California legislators consider group-parenting measure


SACRAMENTO, Calif. — A bill that seeks to radically redefine the term "parent" is edging closer to becoming law in California.

SB 1476, authored by San Francisco Democrat Mark Leno, seeks to allow any number of adults to share legal custody of a child. The bill already passed the Senate and at least one committee in the General Assembly, and could soon come up for a floor vote.

According to the text, "This bill would, in the case of a child with more than 2 legal parents, require the court to allocate custody and visitation among the parents based on the best interest of the child, including stability for the child."

Leno — who is openly homosexual — says his bill is meant to help children who have unconventional family arrangements, such as gay parents, as well as sperm donors and surrogate mothers. But California Family Policy Council Executive Director Ron Prentice said that's not all it will do.

"Just about any bill that Senator Leno puts out specific to the nature of family really has behind it a bearing on deconstructing traditional marriage and traditional families," he said. "His example is a woman who was involved in a lesbian relationship but separated and had a sexual tryst with a man, got pregnant, and so now all three adults should play ping-pong with this kid as the ball."

Glenn Stanton, Focus on the Family's director of family formation studies, pointed out how such arrangements may actually harm children, rather than help them.
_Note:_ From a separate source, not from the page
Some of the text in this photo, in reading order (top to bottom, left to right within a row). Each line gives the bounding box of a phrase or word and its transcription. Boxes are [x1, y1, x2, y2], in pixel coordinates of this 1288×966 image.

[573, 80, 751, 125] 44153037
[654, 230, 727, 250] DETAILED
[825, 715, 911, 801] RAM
"You talk about the ping-ponging between (a divorced) mom and dad?" he said. "Now it's three parents, four parents, five parents — and that is crazy for the kid. If the family breaks up, it will create a very difficult situation for the child. Increase that by more numbers, and you've got a horrible situation.

"No new family form that we have seen has elevated any form of important child well-being," he added. "They've all harmed it. This is just another one of those changes that will hurt children and is driven simply by an adult desire to have them."
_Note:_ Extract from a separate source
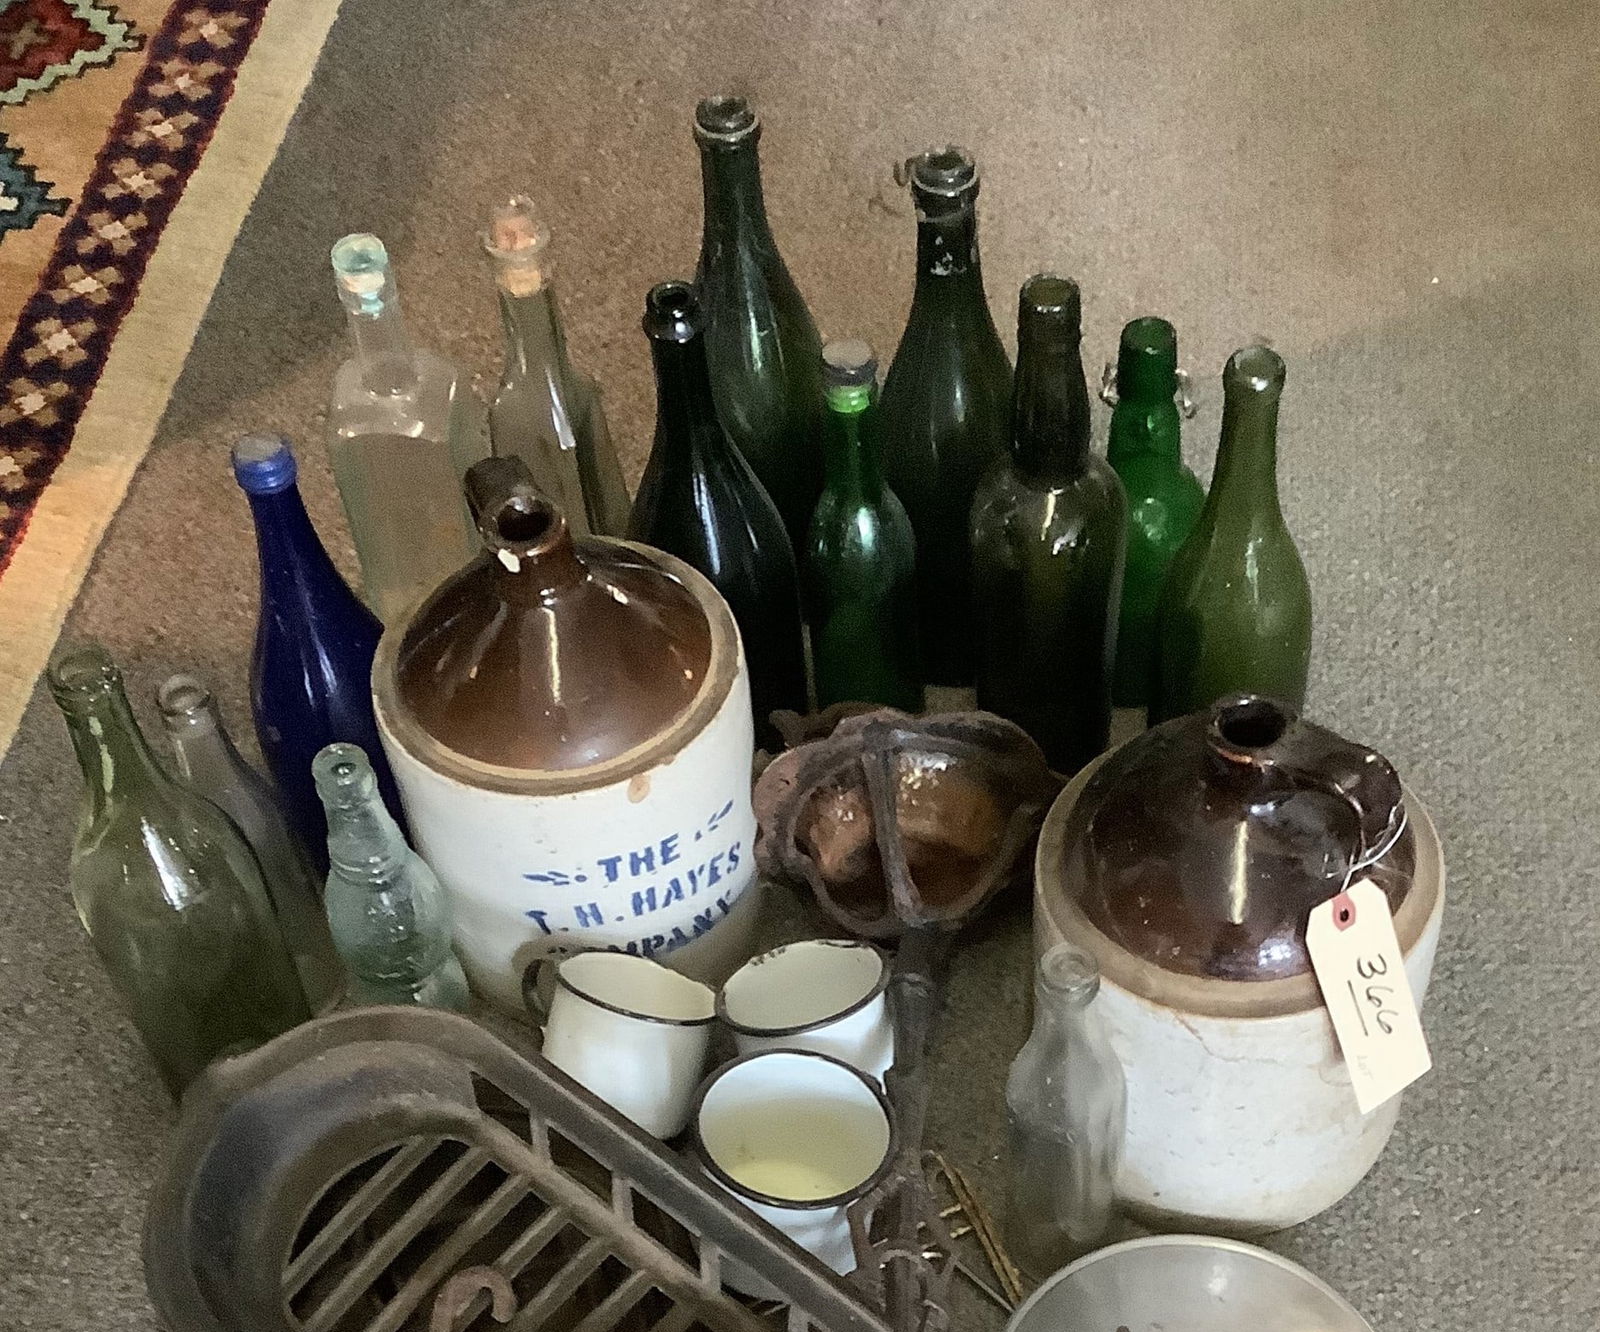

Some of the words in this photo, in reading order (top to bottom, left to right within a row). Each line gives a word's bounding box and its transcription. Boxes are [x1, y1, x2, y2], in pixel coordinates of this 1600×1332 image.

Would children of abusive biological parents benefit from such a law? Or those whose biological parents die?

No, said Stanton — because longstanding programs already cater to those children's needs, including foster care and wills appointing legal guardians for minors.

"If (parents are) not willing to do that, they're not likely to sign up for this more-than-two-parentage thing," he said. "The bottom line is: Same-sex marriage is seeking to radically redefine marriage and parenting. This seeks to radically redefine what a parent is, and base it solely on legal claims rather than biological. When you set up parentage on a legal claim, children become property to be fought over. No family, no culture anywhere has found a family alternative that is more effective at raising good children than the mom-and-dad family."